Nous devons à la vérité de rappeler que l’album terminé, les promoteurs rechignent à le produire. La maladie de Ndongo Lô, qui s’est aggravée, n’est pas pour arranger les choses. Les supposés bienfaiteurs de l’artiste le fuient comme la peste.
« Effectivement personne ne voulait le produire. Certains de ses soutiens ne le prenaient même plus au téléphone », se désole Papis Konaté. L’homme par qui viendra le miracle. Comment ? Nous y reviendrons.
Habib Faye, au corps défendant de Petit Mbaye, décharge : « Si Petit Mbaye avait refusé de produire son 3e album, c’est parce qu’il n’avait pas ma caution artistique. Qui plus est, il avait, à l’époque, de petits problèmes avec Ndongo qui est venu nous dire qu’il voulait sortir un 3e album. Je lui ai demandé d’être plus patient. On lui a signalé que le 2e album n’était pas encore entièrement consommé. Comme il éprouvait de la pudeur à mon endroit, il est revenu à la charge pour me faire part d’une proposition qu’il aurait reçue de El Hadj Ndiaye de Studio 2 000 pour un album en live. Qu’à cela ne tienne, j’ai fini par comprendre que son entêtement à mettre sur le marché cet opus, intitulé Addùna, était le signe d’une mort pressentie ».
Comme dit l’adage, « À cœur vaillant rien d’impossible ».
La détermination de Papis Konaté convaincra le promoteur El Hadj Ndiaye de produire Ndongo Lô. « C’est moi qui ai effectué les démarches pour la sortie du 3e album. J’ai dit à El Hadj Ndiaye : si tu produis l’album de Ndongo Lô, tu vas t’en tirer avec pas moins de 50 millions de francs Cfa. Il n’y croyait pas au début. N’empêche, j’ai fait, à sa demande, une étude technique pour 8 titres. Il devait payer un million pour chaque titre.
Ce qui devait faire la bagatelle de 8 millions au profit du groupe Jàmm. Quant à moi, je devais empocher 3 millions de francs Cfa comme “consultant”. Quand il avait lu ma proposition, Il m’avait répondu, sèchement, qu’il n’allait pas payer cette somme même à Youssou Ndour. J’ai répété que si, avec la sortie de cet album, il ne vendait pas 50 000 exemplaires en une semaine, j’allais abandonner la musique. “Dans ce cas abandonne la musique, car ce que tu proposes est impossible à réaliser avec Ndongo Lô. Il veut m’utiliser”, a-t-il argué. Il soupçonnait qu’il s’agissait d’un coup monté et que le chanteur roulait, en catimini, pour Petit Mbaye.
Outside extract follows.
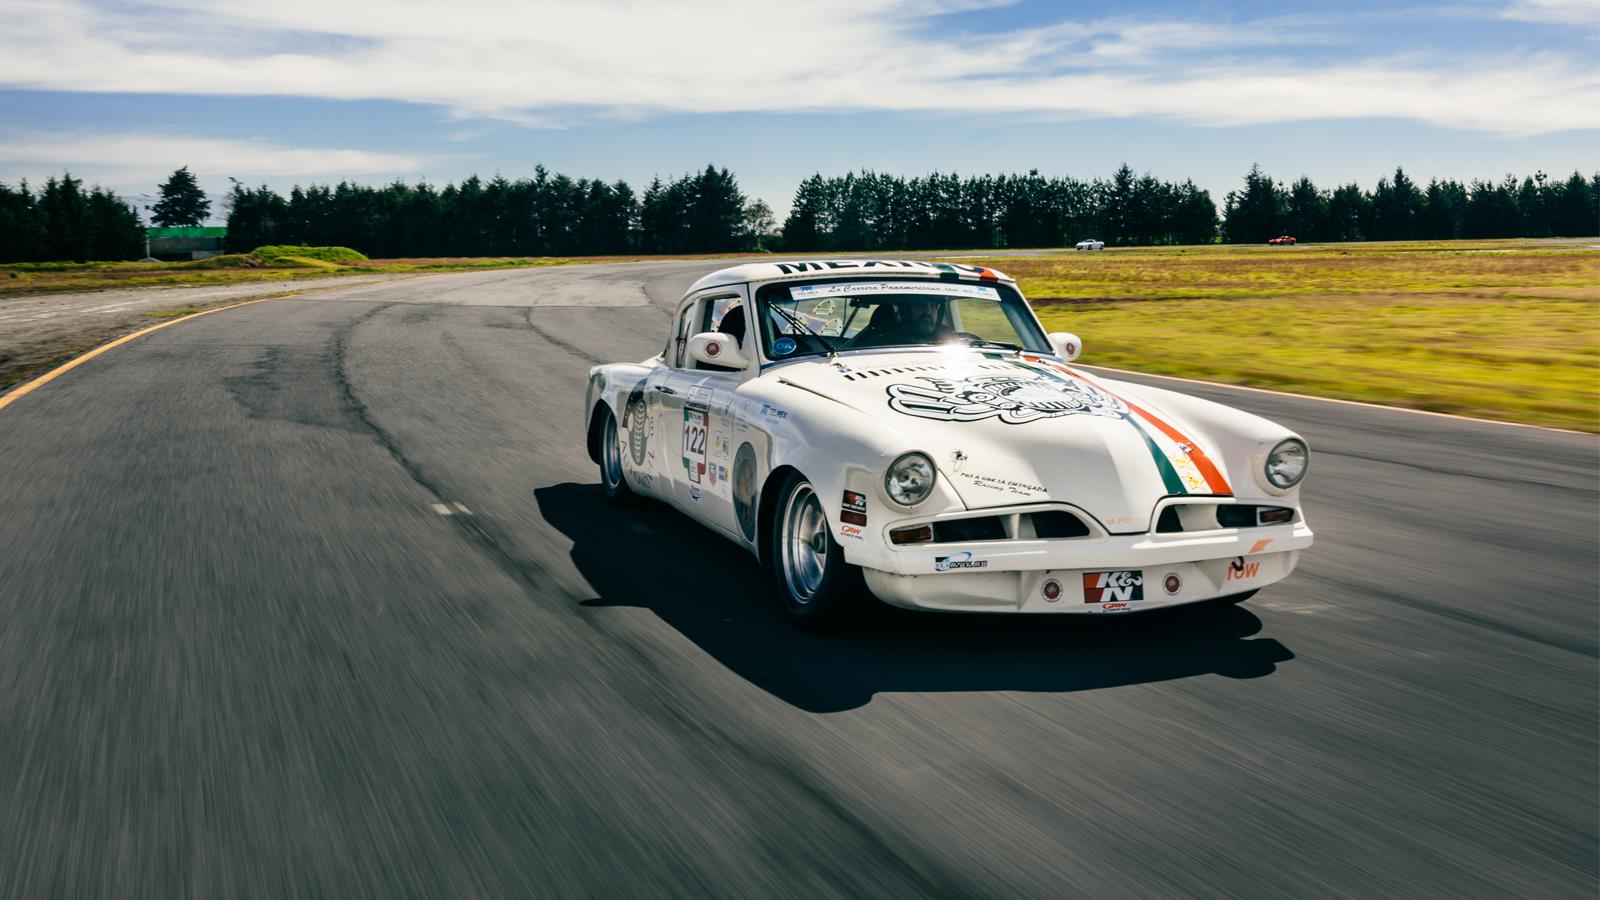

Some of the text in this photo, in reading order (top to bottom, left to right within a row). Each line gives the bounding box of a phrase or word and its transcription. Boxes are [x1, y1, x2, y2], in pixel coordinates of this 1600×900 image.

Ndongo Lô l’a rassuré en lui disant qu’il était libre de signer avec qui il voulait. Je suis revenu à la charge en lui faisant comprendre que tous les frais ne peuvent pas excéder 30 millions. Finalement, il a déboursé 10 millions de francs Cfa. Ndongo Lô est parti avec les 7 millions de francs Cfa. J’ai touché 3 millions », décortique le technicien.
« Nous n’étions pas prêts pour sortir l’album. Un jour, j’ai appelé Papis Konaté. Il était au Studio 2000 avec El Hadj Ndiaye. Il m’a proposé de faire part au patron d’Origines S.A de nos pépins. C’est après que je l’ai rejoint au bureau de Mme Ndiaye. Au bout des échanges, El Hadj Ndiaye (qui nous a rejoints) a accepté de produire l’album pour un montant de 7 millions de francs Cfa. C’est pourquoi je continue à répéter que si ledit album devait générer plus de 10 milliards au profit de El Hadj Ndiaye, Ndongo Lô, de sa tombe, le lui souhaiterait. Car il nous a vraiment sauvé la face », se félicite Djily Niang.